Malraux — Days of Hope (L’Espoir)

Malraux’s Days of Hope is an account of the Spanish Civil War told from the perspective of the Republicans. It is a unique novel in that he does not demonstrate the perspective of the Fascists. Malraux completely rejects the Fascist perspective on the war, and explores the Republican psyche extensively. He demonstrates two sides of the Republican movement. First, the unitive nature of the Republican faction, provoked through their unanimous distaste for the Franco leadership and support for the Second Spanish Republic; and the second, the divisive nature of the Republican faction through political disputations between the Communists, the Anarchists, and the like which in turn contributes to the defeat of the Republican faction.

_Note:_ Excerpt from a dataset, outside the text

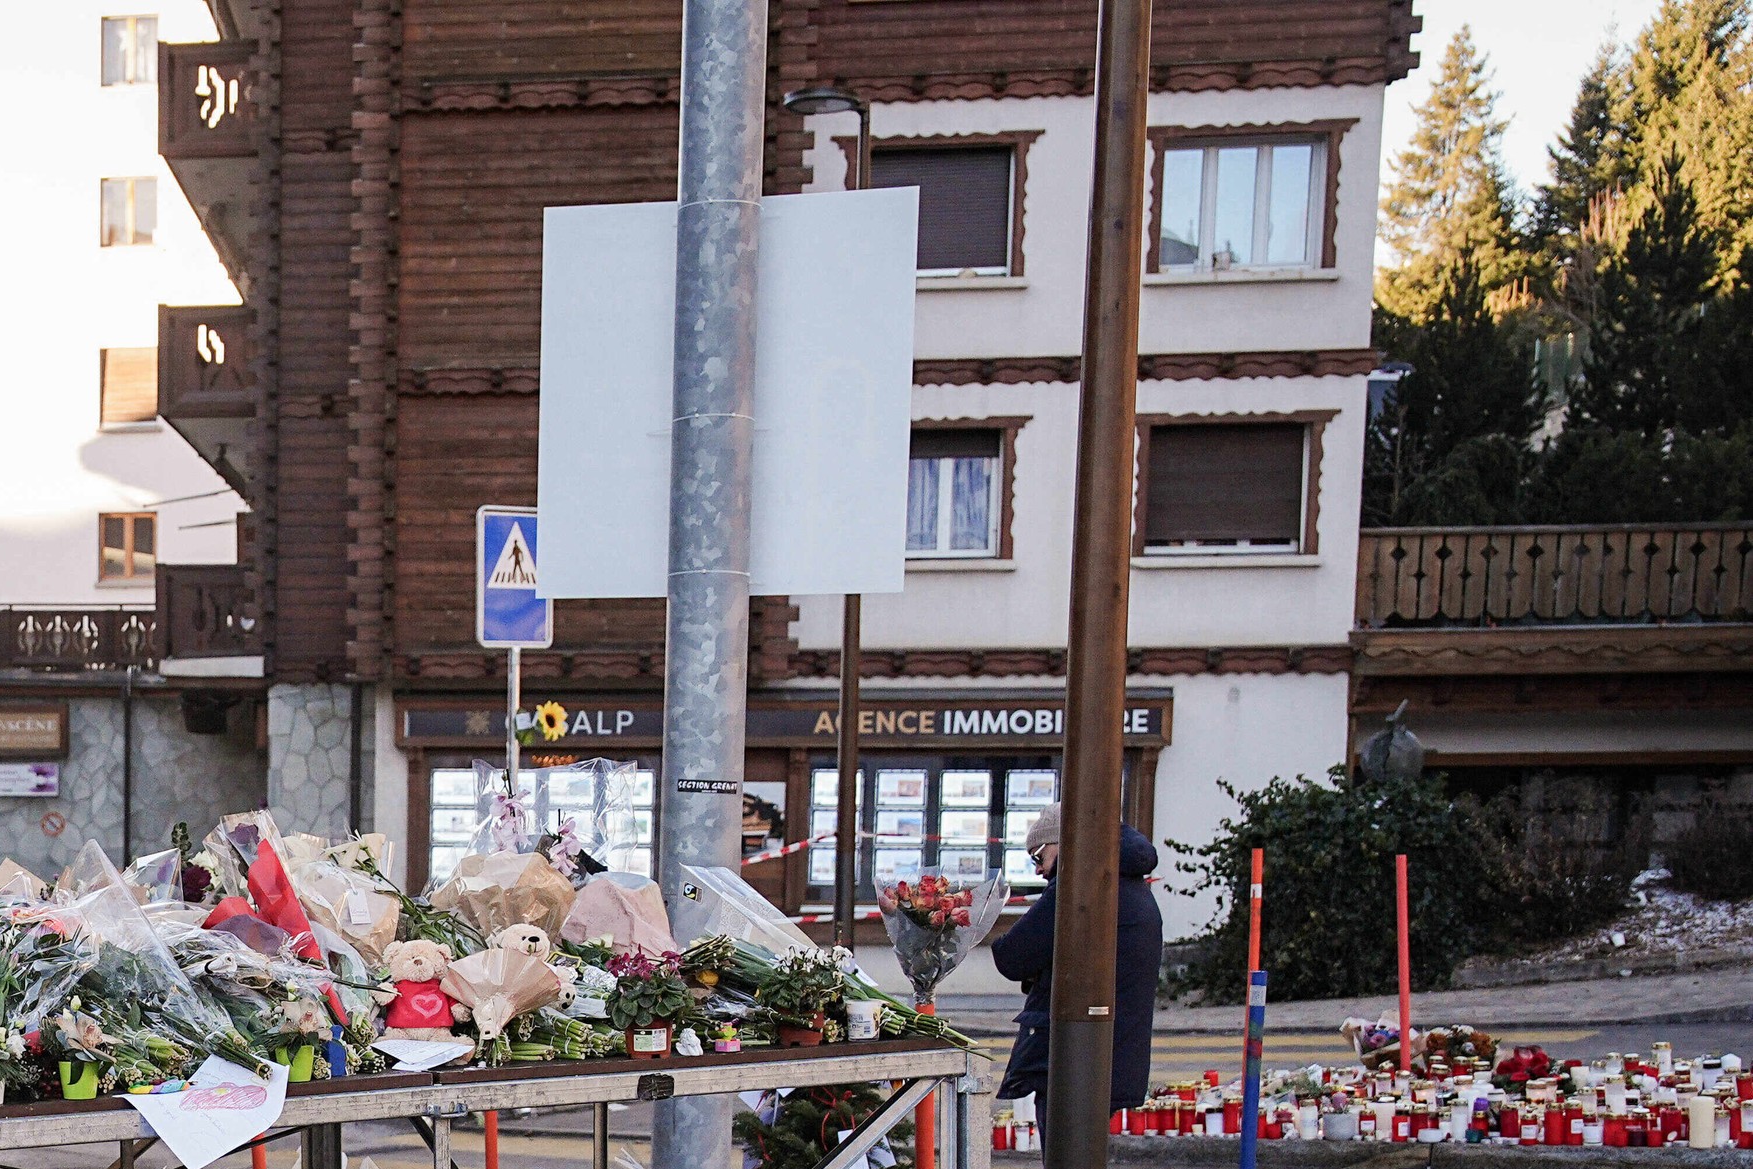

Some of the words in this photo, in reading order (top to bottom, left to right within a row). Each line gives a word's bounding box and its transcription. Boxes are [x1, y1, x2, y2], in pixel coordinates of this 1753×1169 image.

[505, 710, 634, 735] ALP
[814, 710, 936, 734] AENCE
[943, 709, 1150, 734] IMMOBIE
[678, 780, 709, 789] SECTION

The first part of the novel maps the battleground and gives a brief overview of numerous characters. It also takes the readers to the battleground during the beginnings of the civil war using specific phrases in Spanish used during the war: “Salud,” “Arriba España,” “Viva El Cristo Rey,” and “Compañeros.” It’s a constant dialogue through the telephone operators, between Republicans and at times brief moments of communication between the Nationalists and the Republicans trying to locate which areas they control. I was overwhelmed by the amount of action that was occurring in the story and could not quite get into the story. However, as the story progressed Malraux demonstrates that the war wasn’t just a battle between the Republicans and the Nationalists but also the socio-philosophical ideas that were unveiled by the characters and their version of the revolution. The conversations between the Anarchists and the Communists and their own ideas of what they should get out of the war gave me a better understanding of why the Civil War was a complete failure for the Republicans.

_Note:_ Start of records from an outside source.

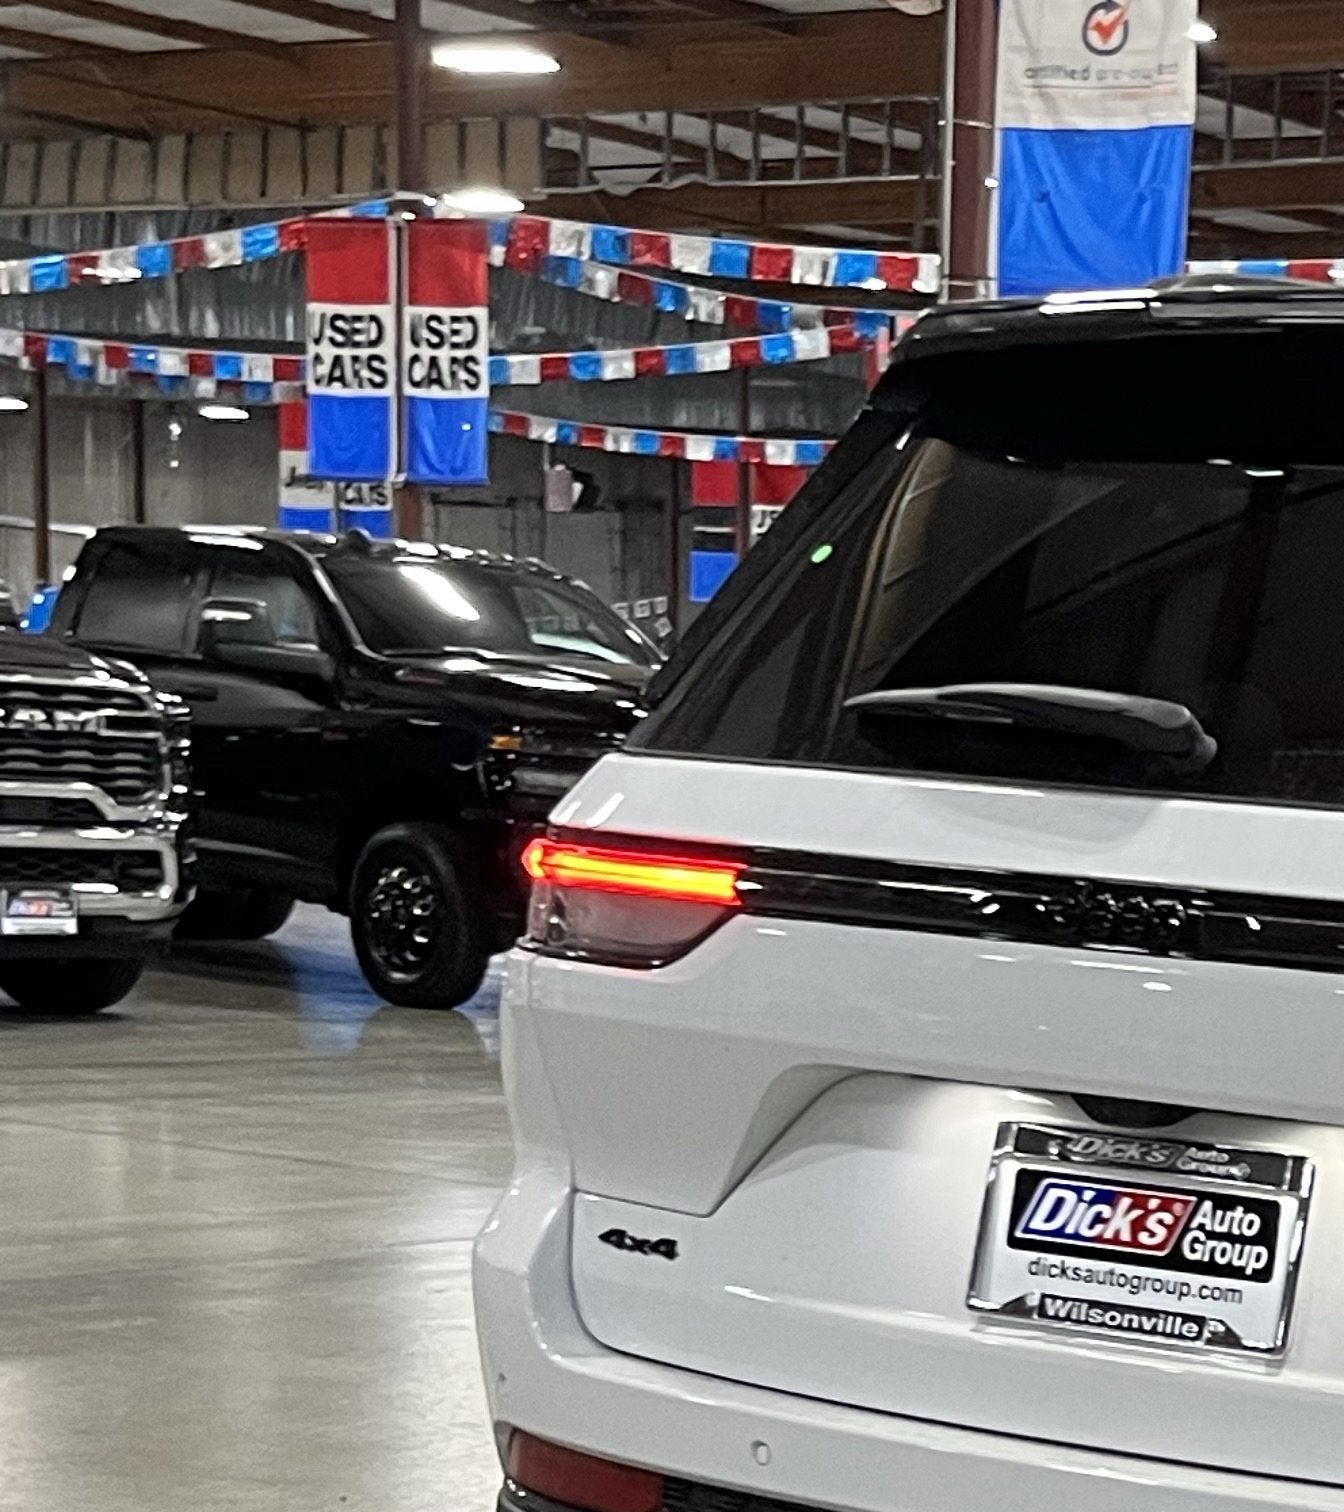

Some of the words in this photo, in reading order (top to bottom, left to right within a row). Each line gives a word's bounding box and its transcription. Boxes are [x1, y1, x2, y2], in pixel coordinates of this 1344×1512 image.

[309, 313, 385, 349] USED
[409, 313, 479, 351] USED
[312, 351, 389, 390] CARS
[407, 353, 482, 391] CARS
[1067, 1135, 1176, 1164] Dick's
[1027, 1186, 1177, 1247] Dick's
[1190, 1199, 1262, 1238] Auto
[597, 1227, 681, 1262] 4x4
[1181, 1230, 1270, 1276] Group
[1027, 1256, 1244, 1305] dicksautogroup.com
[1043, 1296, 1201, 1339] Wilsonville

“The communists, you see, want to get things done. Whereas you and the anarchists, for different reasons, want to be something. That’s the tragedy of a revolution like this one. Our respective ideals are so different; pacifism and the need to fight in self-defense; organization and Christian sentiment; efficiency and justice—nothing but contradictions. We’ve got to straighten them out, transform our Apocalyptic vision into an army—or be exterminated.” (210-211)

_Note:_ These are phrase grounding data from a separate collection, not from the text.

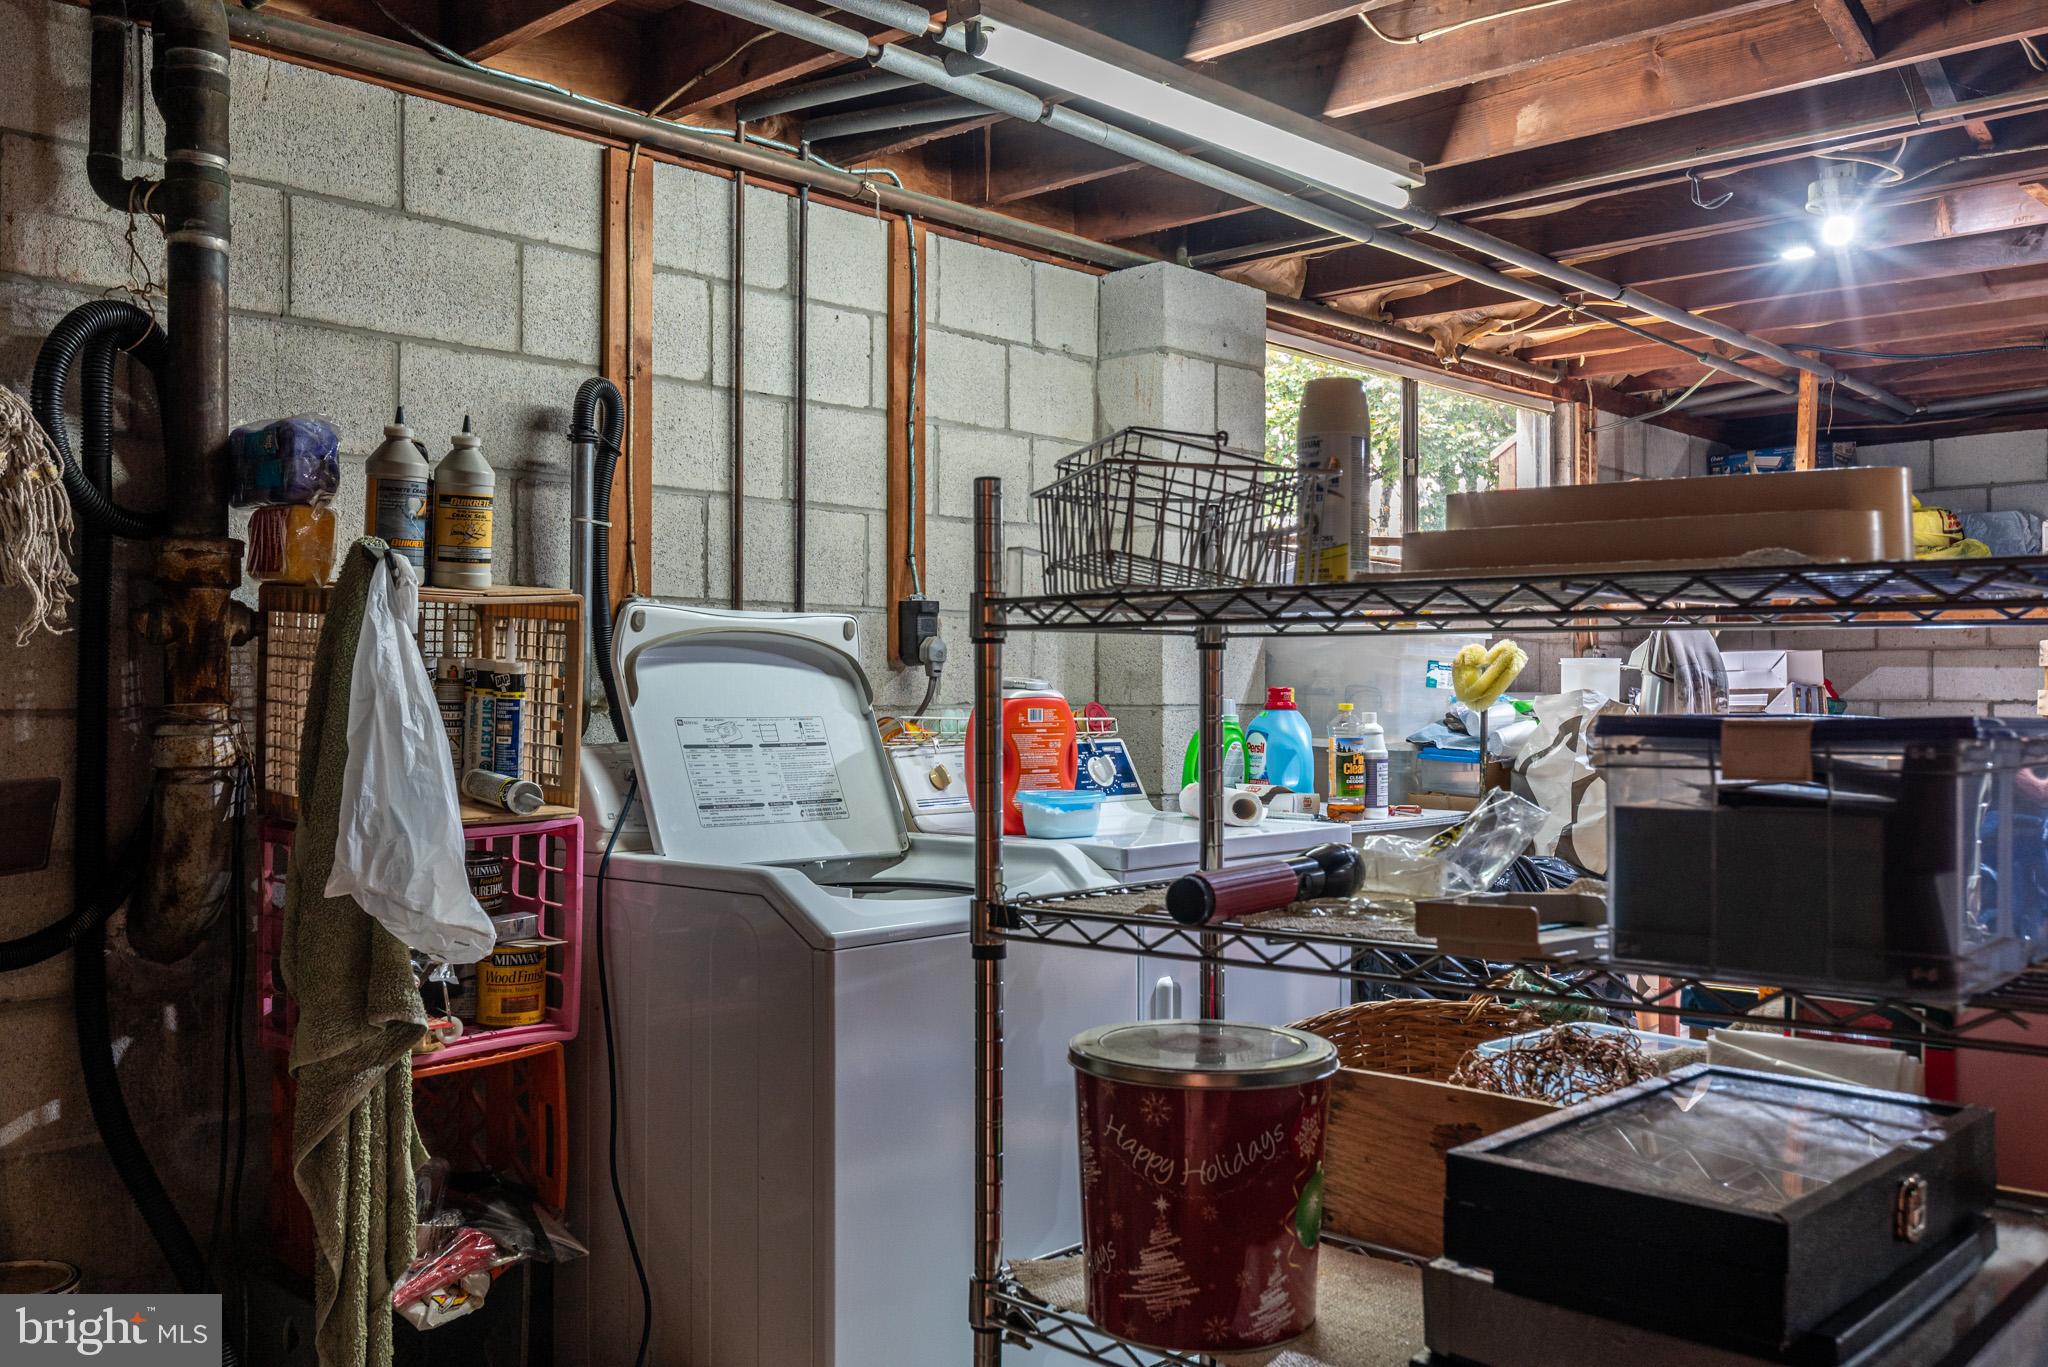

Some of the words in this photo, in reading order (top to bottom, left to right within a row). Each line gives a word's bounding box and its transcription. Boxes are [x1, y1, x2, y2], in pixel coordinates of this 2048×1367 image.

[450, 497, 492, 507] QUIKRETE
[451, 511, 472, 519] CRACK
[496, 674, 510, 686] DAP
[481, 699, 494, 728] PLUS
[480, 730, 493, 758] ALEX
[1246, 741, 1265, 754] Persil
[1343, 762, 1365, 775] Clea
[486, 969, 518, 984] Wood
[1103, 1114, 1175, 1185] Happy
[1180, 1123, 1285, 1186] Holidays

There was no desire between the Anarchists and the Communists to form a unitive structure. It was interesting for me that Hernandez claims the Anarchists have a “Christian sentiment” which almost sounds like he is suggesting the Anarchists are no different from the Nationalists, who had the backing of the Church. It almost sounded like Malraux was sympathizing with the Communists and suggesting that the Anarchists were ruining the revolution. In general it was interesting for me to see how organization, the very thing that unified the Left, ultimately failed the Left.